I'm deciding between building a vortexbox or buying a unitiserve. I was wondering how the accuracy of rip's and cover art retrieval differs between the two ?. I know that the vortexbox can use Bliss, which will need a little tweaking. Is one generally better than the other at more obscure albums ? Is the unitiserve more "plug and rip" ?
thanks!
According to it's website, Bliss uses MusicBrainz as it's prime source of tags. Out of interest I've just checked how MusicBrainz (sic) would have tagged 5 recent cds of mine... it thought that Mozart was an artist rather than composer for one, it hadn't heard of two others at all, and it had no Genre for the last two - so 0 out 5. AMG and GD3 managed all 5 fine. I use dBpoweramp for my ripping - it accesses up to 4 online databases (including MusicBrainz) and lets you pick the one that most suits your needs, and allows override where necessary. Maybe you should try it before going with a US or Vortexbox - it doesn't stop you using either as a repository, and in the scheme of such things is pretty cheap.

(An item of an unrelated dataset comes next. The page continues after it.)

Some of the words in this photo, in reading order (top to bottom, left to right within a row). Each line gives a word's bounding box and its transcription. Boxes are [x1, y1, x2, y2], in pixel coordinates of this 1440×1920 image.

Thanks for checking that out!. I was aiming toward's a ripping appliance However, I guess something like DBPA could be setup to auto rip, and save across the network to the NAS in one shot. So essentially the same as an applicance. Does the US use naim's own custom repository of metadata ?
Couldn't tell about accuracy, especially for non-US releases, but the way Naim handles metadata information should give you a more comprehensive information (i.e. performers, composer, conductor). See their whitepaper. The caveat is that Naim servers rip to untagged WAV files, which need quite a bit of processing (conversion and retagging) if you want to use them in another format (but MP3 additional conversion is said to be coming in a future version of the servers software).

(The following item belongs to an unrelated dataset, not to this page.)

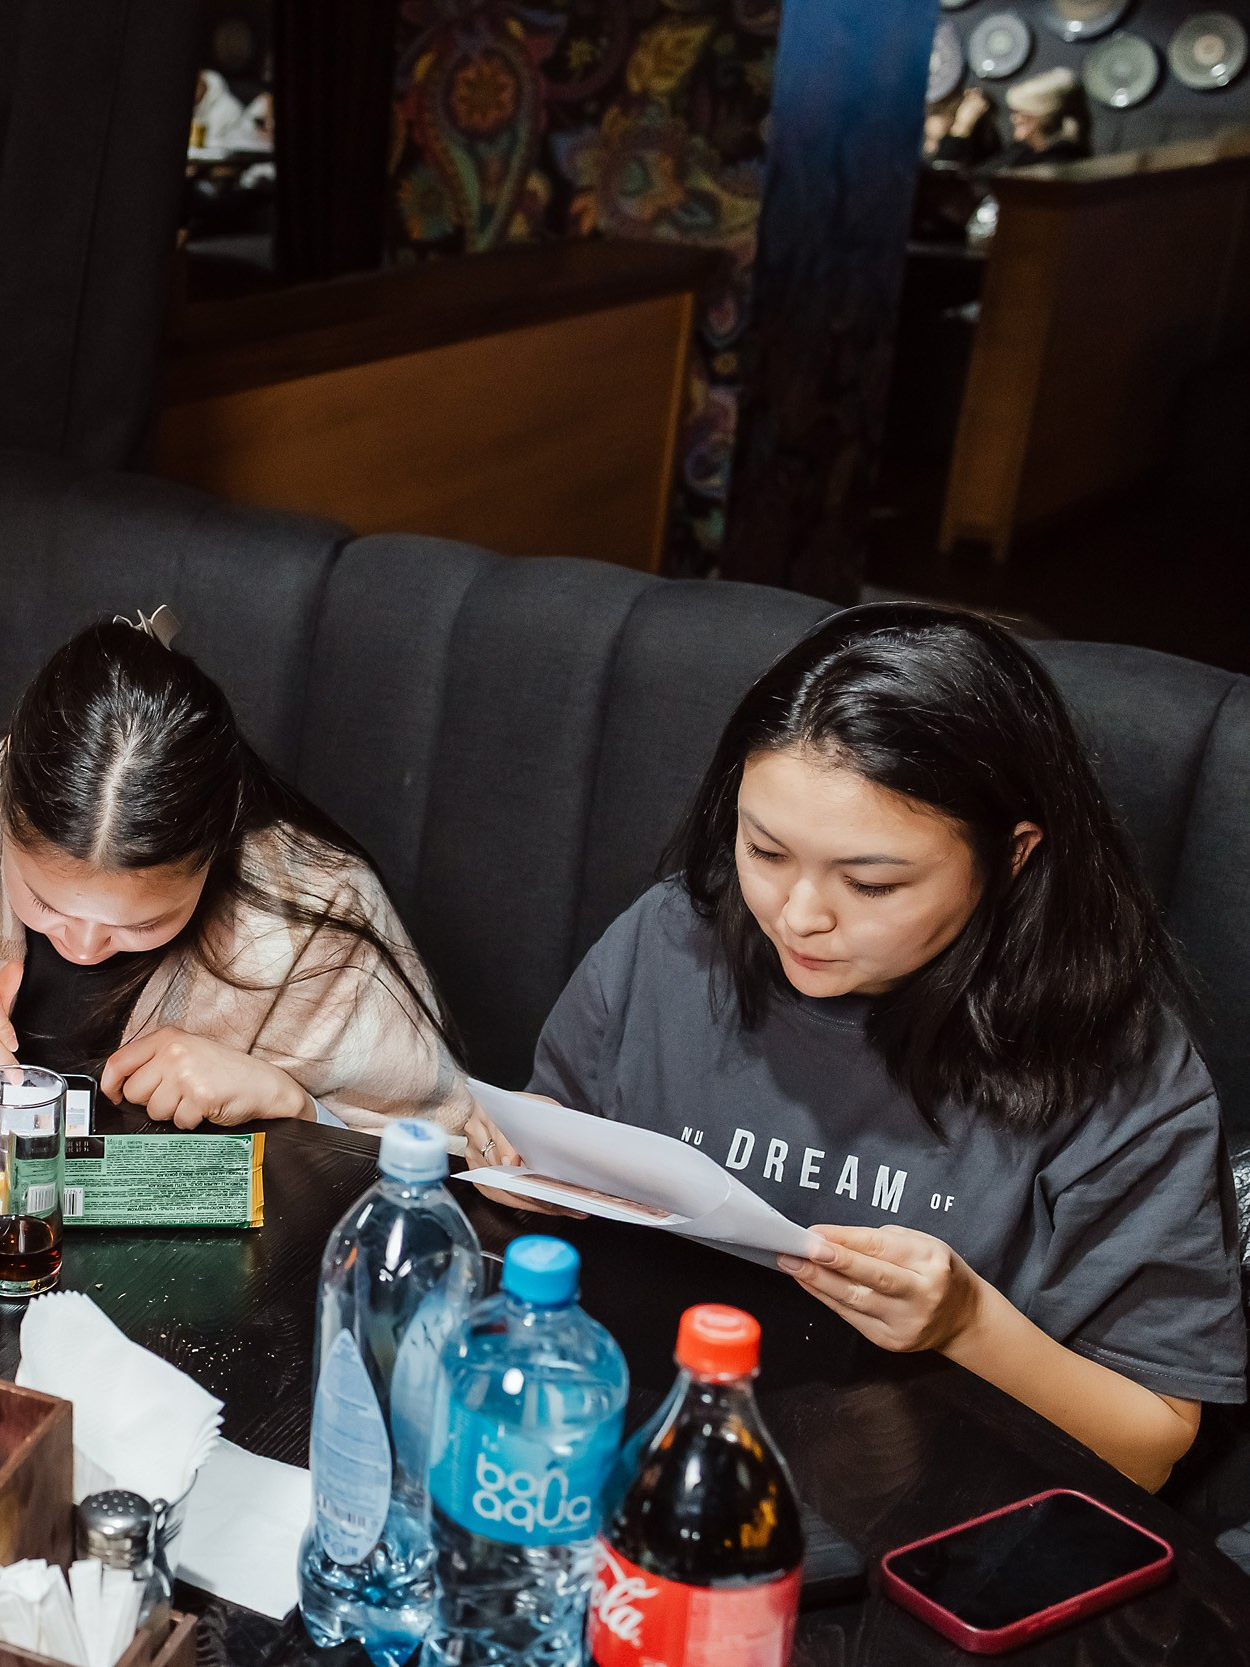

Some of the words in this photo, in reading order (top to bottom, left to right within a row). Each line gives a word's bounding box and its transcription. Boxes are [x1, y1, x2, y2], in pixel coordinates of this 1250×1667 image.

[681, 1126, 704, 1145] NU
[725, 1128, 908, 1213] DREAM
[931, 1193, 955, 1212] OF

Does the US use naim's own custom repository of metadata ?
Yes, all Naim servers have an embedded XML database that holds the metadata and keep them separate form the ripped WAV music files. When ripping, the metadata is primarily searched for in Rovi's AllMusic database, or others (FreeDB I think) if not found.
Accuracy of the rips -- assume they are equal.

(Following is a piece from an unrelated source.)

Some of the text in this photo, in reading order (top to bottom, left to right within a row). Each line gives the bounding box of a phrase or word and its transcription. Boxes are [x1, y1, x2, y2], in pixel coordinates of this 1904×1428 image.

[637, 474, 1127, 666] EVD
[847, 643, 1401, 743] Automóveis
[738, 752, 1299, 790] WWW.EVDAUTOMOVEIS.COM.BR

Accuracy of the tagging data -- assume that there will be errors / glytches from any system. None of those databases are perfect, but you can edit as needed or wanted.
As mo points out, the big difference is in the database that's created. With the uServe you will have .wav files in folders appropriately named for the artist and album, and album art as folder.jpg within the folder. But all of the tagging info will be in a separate database, rather than embedded within files as Vortexbox does (and other systems do) with the flac format files. Thus, the uServe's database of music and tag info is not 'universally useable' on other systems where the standard is more flac/internal tags, but that didn't bother me. If the world will come to an end (again), I can always batch convert my .wav to .flac and batch tag them. (I'll need something like that to keep me busy after the world comes to an end anyway!) In the meantime, the uServe serves up great info to my Naim player.
Great information there. Very helpful. Have a nice weekend guys.
dBpoweramp accesses the All Media Guide, GD3, MusicBrainz and freedb tagging databases as well as verifying the accuracy of it's rips against an online database. You can use any file structure you want - artist\album is the default, but you can have whatever you fancy - Genre\Composer\Album is good for classical for example. You can move your rips, or rip to wherever you fancy without losing any tagging information. Getting tags right, especially for older cds and classical music is a lot of work; I would think long and hard before having them squirrelled away in some private database. It is extremely unlikely that any automated process could re-tag them acceptably in the event of an end-of-the world scenario - look what a bad job Bliss did with 5 cds of mine chosen at random - and they were recent relatively mainstream purchases.
I use XLD for ripping and usually add the artwork manually if it cannot find it on FreeDB, from there i put an ALAC copy on the drive attached to my Mac Mini and a FLAC copy on my Vortexbox.
The Vortexbox will create bit perfect FLAC rips itself using CD Paranoia though i do not exploit that capability. It does not transcode to WAV if that is something you think is important ...
This means my Vortexbox serves FLAC to my unitiQute which plays them extremely well.
The Vortexbox is excellent in my view and you can try it for free on any old PC.